28. A live attenuated rubella virus according to claim 19, 20 and 21, obtained by a process comprising the steps of: a) Surface Infection of MRC-5 Cell culture comprising cell density 600 to 800 million per cell factories with rubella virus at a MOI between 1:100 to 1:10000 b) Multiple harvesting of Supernatant comprising rubella virus at periodic intervals of 48hrs and 72 hrs post incubation at 34±1°C in MEM without FBS; c) Filtering the viral harvest by direct flow filtration (DFF) through at least one clarification filter having a pore size of between about 6 micrometers to about 0.45 micrometers; d) Stabilizing the viral harvest with a stabilizer composition comprising carbohydrate consisting of sorbitol present at a concentration of 1 to 10% (w/v); amino acid consisting of tricine present at a concentration of 0.1% to 2% (w/v), L-histidine present at a concentration of 0.1% to 2% (w/v), L-alanine present at a concentration of 0.01% to 1% (w/v) and L-arginine hydrochloride present at a concentration of 0.1% to 5% (w/v); and hydrolyzed protein consisting of gelatin present at a concentration of 0.1% to 5% (w/v) and lactalbumin hydrolysate present at a concentration of 0.1% to 2% (w/v) to form a stabilized viral harvest; e) Sterilizing the stabilized viral harvest by DFF through at least one sterilization grade filter having a pore size of between about 0.8 micrometers to about 0.2 micrometers to form a sterilized Clarified Monovalent Virus Pool (CMVP); Wherein the overall recovery of purified viruses is more than or equal to 40%.

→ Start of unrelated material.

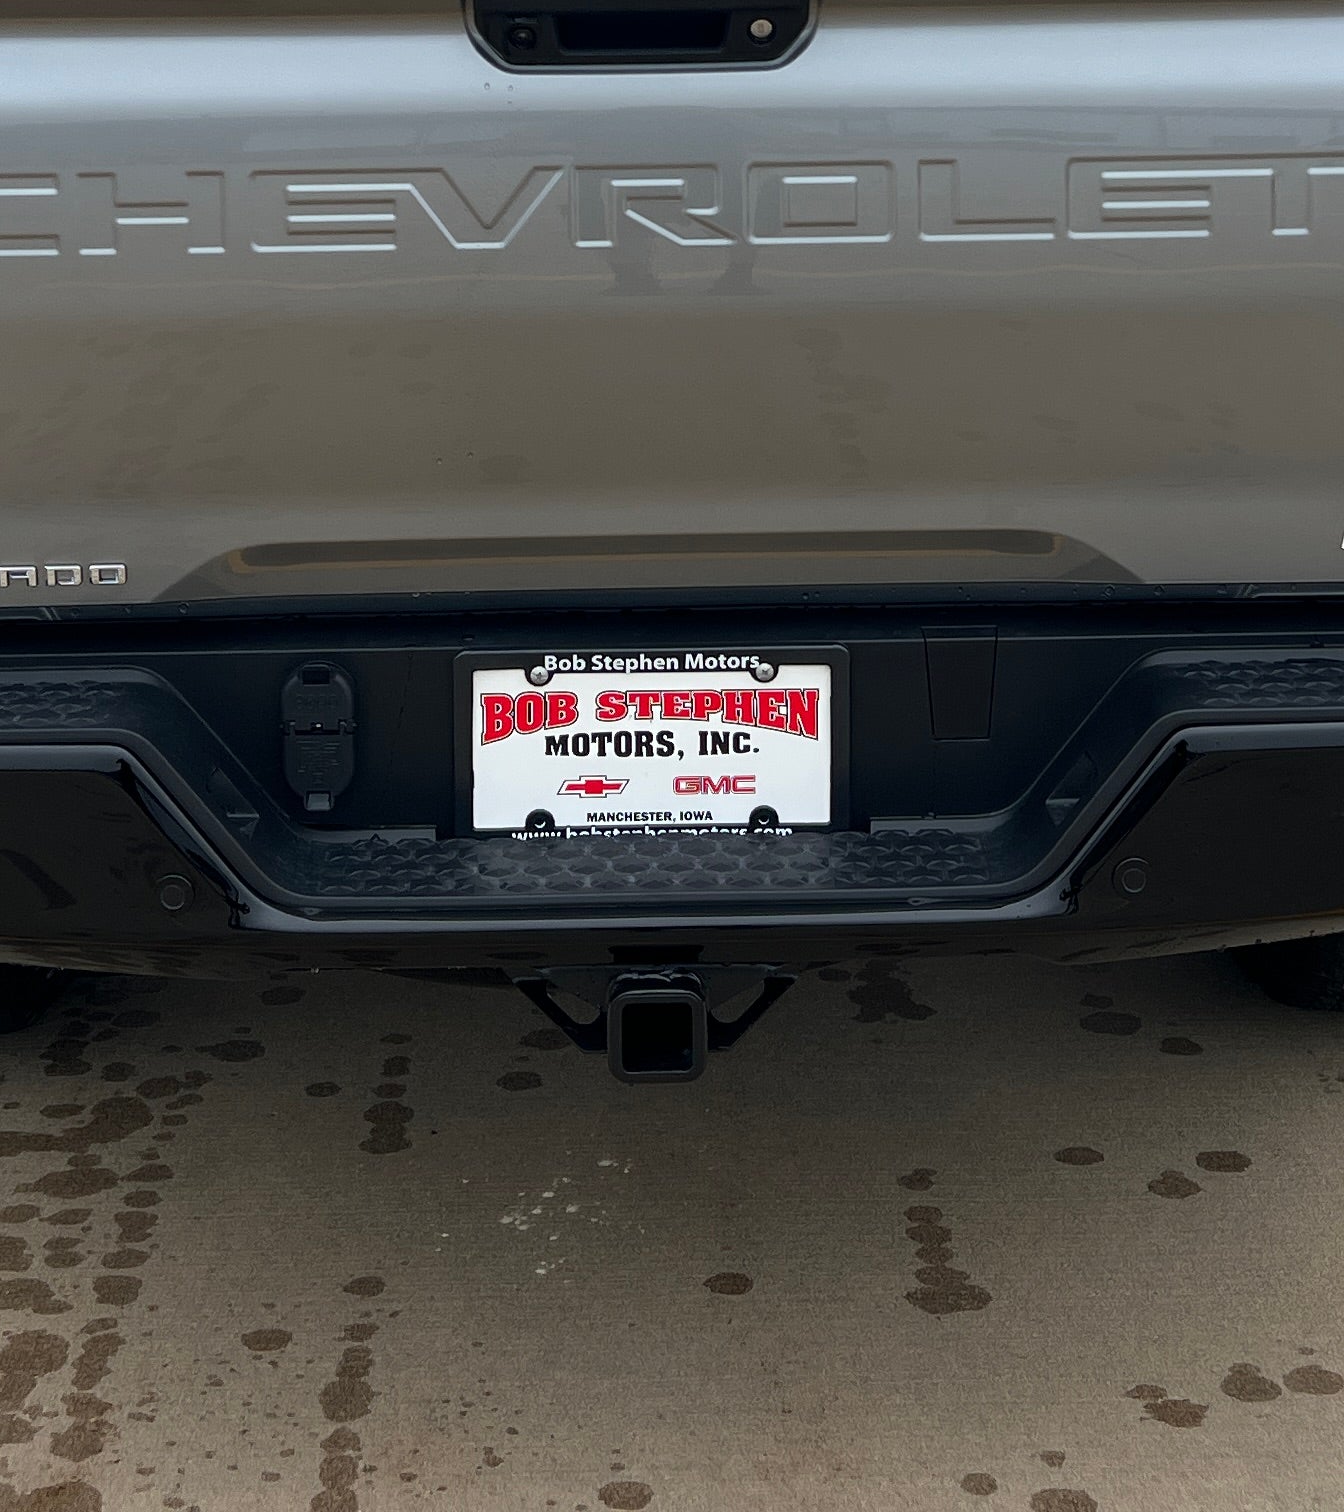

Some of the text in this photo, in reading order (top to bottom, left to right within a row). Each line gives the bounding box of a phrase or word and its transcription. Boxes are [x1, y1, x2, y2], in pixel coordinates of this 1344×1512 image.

29. The process according to claim 26, wherein the live attenuated rubella virus are propagated in MRC-5 Cell PDL-7 obtained from National Institute of biological standards and Control (NIBSC), UK..

30. A kit comprising: a) a first container containing a lyophilized (freeze-dried) viral combination vaccine composition said composition comprising: virus consisting of live attenuated measles virus present at a dose of not less than 3 log10 CCID50 per 0.5 ml, live attenuated rubella virus present at a dose of not less than 3 log10 CCID50 per 0.5 ml and live attenuated Coronavirus present at a dose of not less than 3 log10 PFU per 0.5 ml; carbohydrate consisting of sorbitol present at a concentration of 1 to 10% (w/v); amino acid consisting of tricine present at a concentration of 0.1% to 2% (w/v), L- histidine present at a concentration of 0.1% to 2% (w/v), L-alanine present at a concentration of 0.01% to 1% (w/v) and L-arginine hydrochloride present at a concentration of 0.1% to 5% (w/v); and hydrolyzed protein consisting of gelatin present at a concentration of 0.1% to 5% (w/v) and lactalbumin hydrolysate present at a concentration of 0.1% to 2% (w/v); and b) a second container containing an aqueous solution selected from saline or water for injection (WFI) for the reconstitution of the lyophilized (freeze-dried) vaccine composition.